[Items from a dataset]
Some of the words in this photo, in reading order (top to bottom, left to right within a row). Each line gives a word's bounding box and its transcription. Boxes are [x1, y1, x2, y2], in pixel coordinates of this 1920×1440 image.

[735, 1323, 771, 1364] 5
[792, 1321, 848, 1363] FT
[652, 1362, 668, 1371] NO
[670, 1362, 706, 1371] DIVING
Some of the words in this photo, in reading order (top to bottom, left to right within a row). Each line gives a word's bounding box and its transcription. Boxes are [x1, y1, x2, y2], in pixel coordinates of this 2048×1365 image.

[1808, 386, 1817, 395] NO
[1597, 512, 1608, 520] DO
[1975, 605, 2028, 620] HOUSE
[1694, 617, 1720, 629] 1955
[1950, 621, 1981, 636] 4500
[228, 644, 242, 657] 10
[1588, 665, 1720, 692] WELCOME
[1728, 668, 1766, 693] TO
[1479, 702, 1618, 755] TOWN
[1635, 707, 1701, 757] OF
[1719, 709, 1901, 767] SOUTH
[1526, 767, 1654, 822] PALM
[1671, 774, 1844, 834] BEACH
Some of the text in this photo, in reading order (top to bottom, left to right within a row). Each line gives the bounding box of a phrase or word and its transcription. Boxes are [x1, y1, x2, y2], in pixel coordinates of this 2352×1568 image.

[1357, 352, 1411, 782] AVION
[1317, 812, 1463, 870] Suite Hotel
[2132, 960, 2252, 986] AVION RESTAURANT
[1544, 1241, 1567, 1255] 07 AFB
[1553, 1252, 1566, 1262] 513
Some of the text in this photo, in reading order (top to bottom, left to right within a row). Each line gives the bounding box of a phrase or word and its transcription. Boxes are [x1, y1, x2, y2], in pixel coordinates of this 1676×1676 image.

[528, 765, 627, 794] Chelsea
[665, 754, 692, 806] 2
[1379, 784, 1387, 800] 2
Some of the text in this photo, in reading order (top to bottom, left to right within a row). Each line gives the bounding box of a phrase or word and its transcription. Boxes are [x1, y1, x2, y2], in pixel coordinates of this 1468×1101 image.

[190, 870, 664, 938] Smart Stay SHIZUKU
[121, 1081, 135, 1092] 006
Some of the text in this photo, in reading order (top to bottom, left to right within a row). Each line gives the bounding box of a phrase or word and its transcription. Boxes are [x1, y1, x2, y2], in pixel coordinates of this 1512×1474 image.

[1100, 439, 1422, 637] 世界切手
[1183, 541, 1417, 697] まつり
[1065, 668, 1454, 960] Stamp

WHAT THE TASK REQUIRES ->
Every entry must be quoted exactly as it appears above.

SOLVED PROBLEM ->
Some of the words in this photo, in reading order (top to bottom, left to right within a row). Each line gives a word's bounding box and its transcription. Boxes are [x1, y1, x2, y2], in pixel coordinates of this 1920×1440 image.

[735, 1323, 771, 1364] 5
[792, 1321, 848, 1363] FT
[652, 1362, 668, 1371] NO
[670, 1362, 706, 1371] DIVING
Some of the words in this photo, in reading order (top to bottom, left to right within a row). Each line gives a word's bounding box and its transcription. Boxes are [x1, y1, x2, y2], in pixel coordinates of this 2048×1365 image.

[1808, 386, 1817, 395] NO
[1597, 512, 1608, 520] DO
[1975, 605, 2028, 620] HOUSE
[1694, 617, 1720, 629] 1955
[1950, 621, 1981, 636] 4500
[228, 644, 242, 657] 10
[1588, 665, 1720, 692] WELCOME
[1728, 668, 1766, 693] TO
[1479, 702, 1618, 755] TOWN
[1635, 707, 1701, 757] OF
[1719, 709, 1901, 767] SOUTH
[1526, 767, 1654, 822] PALM
[1671, 774, 1844, 834] BEACH
Some of the text in this photo, in reading order (top to bottom, left to right within a row). Each line gives the bounding box of a phrase or word and its transcription. Boxes are [x1, y1, x2, y2], in pixel coordinates of this 2352×1568 image.

[1357, 352, 1411, 782] AVION
[1317, 812, 1463, 870] Suite Hotel
[2132, 960, 2252, 986] AVION RESTAURANT
[1544, 1241, 1567, 1255] 07 AFB
[1553, 1252, 1566, 1262] 513
Some of the text in this photo, in reading order (top to bottom, left to right within a row). Each line gives the bounding box of a phrase or word and its transcription. Boxes are [x1, y1, x2, y2], in pixel coordinates of this 1676×1676 image.

[528, 765, 627, 794] Chelsea
[665, 754, 692, 806] 2
[1379, 784, 1387, 800] 2
Some of the text in this photo, in reading order (top to bottom, left to right within a row). Each line gives the bounding box of a phrase or word and its transcription. Boxes are [x1, y1, x2, y2], in pixel coordinates of this 1468×1101 image.

[190, 870, 664, 938] Smart Stay SHIZUKU
[121, 1081, 135, 1092] 006
Some of the text in this photo, in reading order (top to bottom, left to right within a row). Each line gives the bounding box of a phrase or word and its transcription. Boxes are [x1, y1, x2, y2], in pixel coordinates of this 1512×1474 image.

[1100, 439, 1422, 637] 世界切手
[1183, 541, 1417, 697] まつり
[1065, 668, 1454, 960] Stamp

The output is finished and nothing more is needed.